In spite of the financial problems, Barzani's leadership of the yeshivah was successful: it continued to produce serious scholars, including her son, whom she sent to Baghdad, where he continued the dynasty of rabbinic scholars. Her few extant writings demonstrate a complete mastery of the Hebrew language, Torah, Talmud, Midrash, as well as Kabbalah, and her letters display not only learnedness, but also a skill for lyrical prose. 
After her death, many Jews made pilgrimages to her grave in Amadiyah in Northern Iraq, where her father is also buried.

Title and Status
The title of Tanna'it, and her role as head of a yeshiva, is not equivalent to being a rabbi, and hence she is regarded as a rare example of a female rabbinical teacher, rather than a rabbi per se, or a rabbinic authority figure such as a posek or dayan. At the time during which Barzani lived, the concept of rabbinic ordination (semikha) was in flux and a unified agreement of the requirements and rituals for semikha across the Jewish world did not exist.

Poetry 
In addition to her religious scholarship, Barzani was also known as a poet. She is said to have authored a piyyut (liturgical poem) in Kurdish, called Ga’agua L’Zion ("Longing for Zion", in Hebrew).

Legends
There are many stories and legends about Barzani and miracles she performed, including the one described in “A Flock of Angels”.

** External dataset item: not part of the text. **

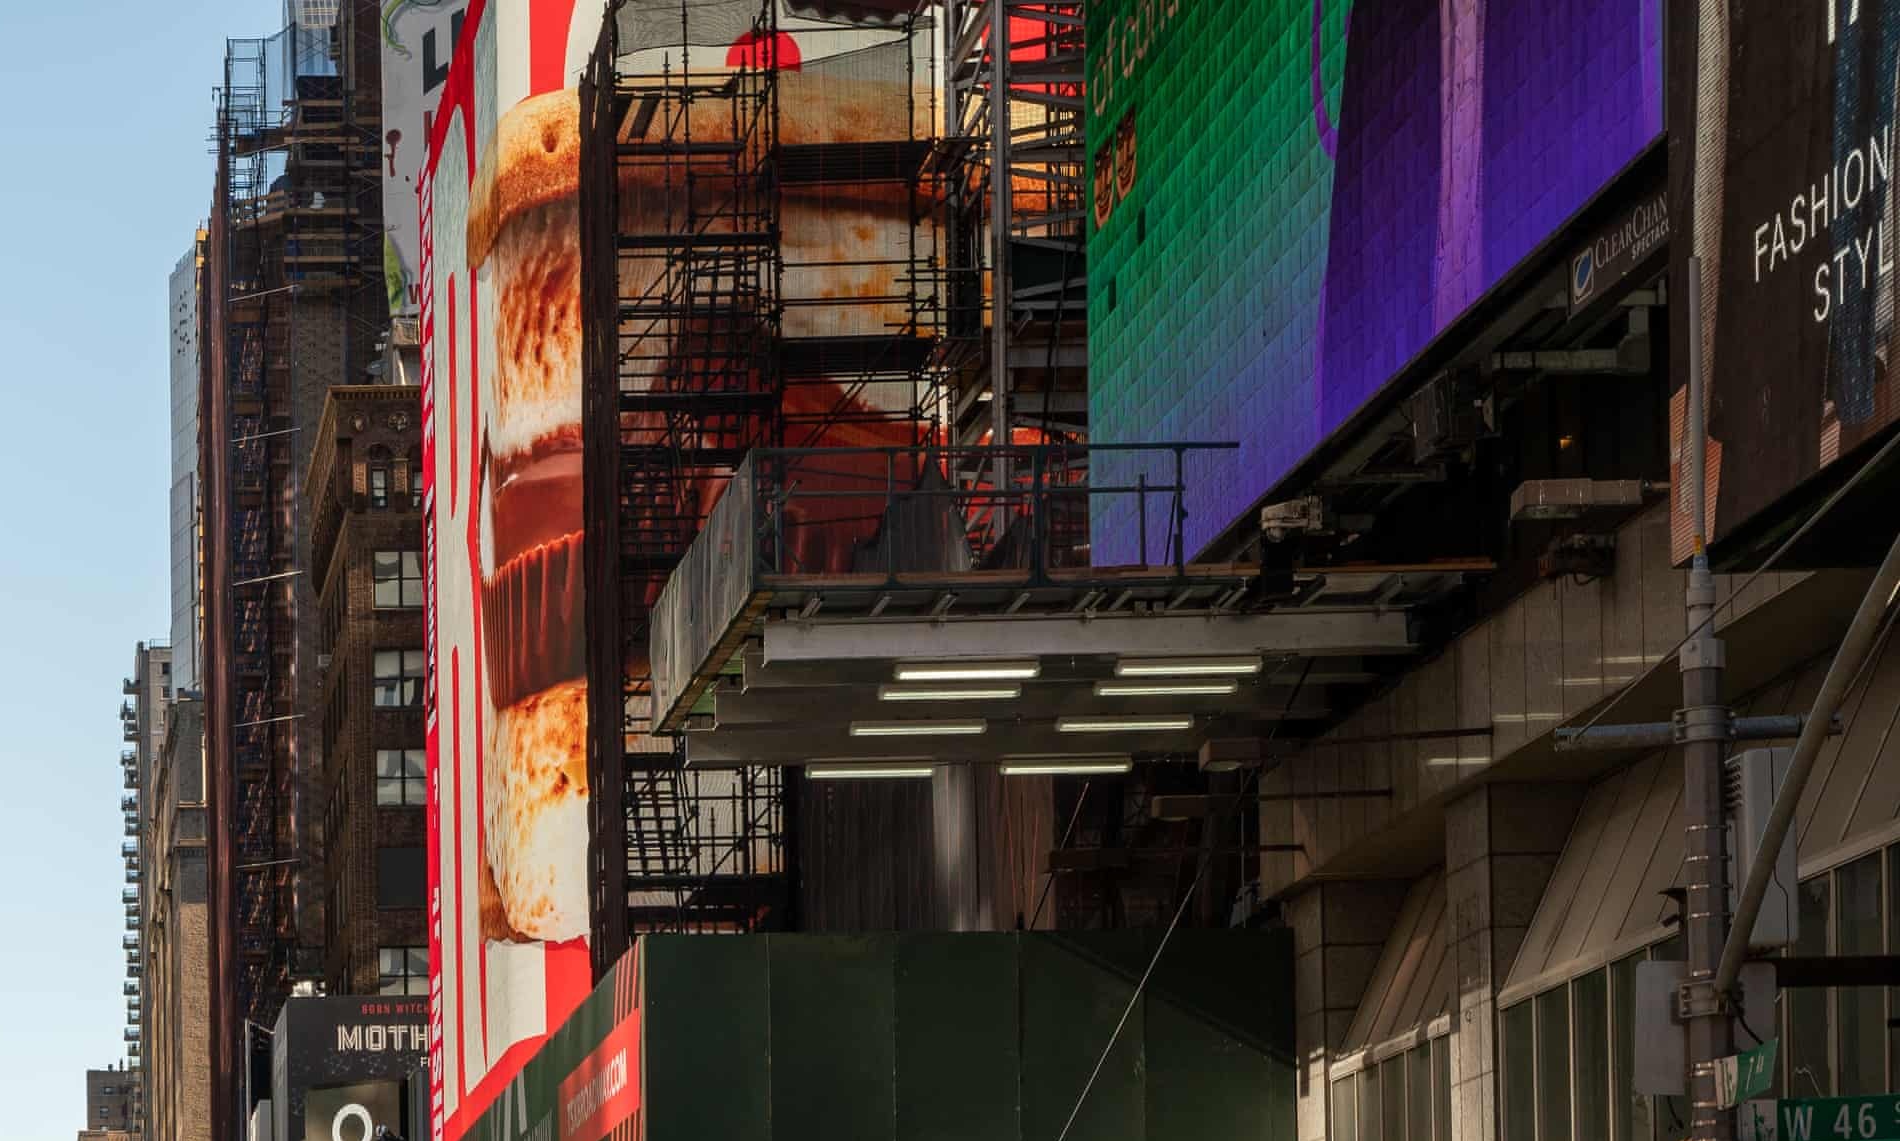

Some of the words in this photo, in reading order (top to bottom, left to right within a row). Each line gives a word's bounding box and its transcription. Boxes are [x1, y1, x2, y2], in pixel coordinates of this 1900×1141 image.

In local folklore, her gender plays a central role (though in her actual life, she seems to have experienced few obstacles). Many of the stories which allude to her supernatural powers were found in segulot (protective amulets, charms, or rituals). These include her ability to limit her childbearing to two children so that she could devote herself to her studies, and the ability to ward off an intruder in order to prevent him from raping her by loudly calling out holy names.

A Flock of Angels
According to the legend, her father often appeared in Barzani's dreams, revealing dangers to her and telling her how to avert them. On one such occasion, she went to Amêdî where she convinced the local Jews to celebrate Rosh Hodesh (the new moon festival) outdoors, as had been their custom before they were threatened by hostile gentiles.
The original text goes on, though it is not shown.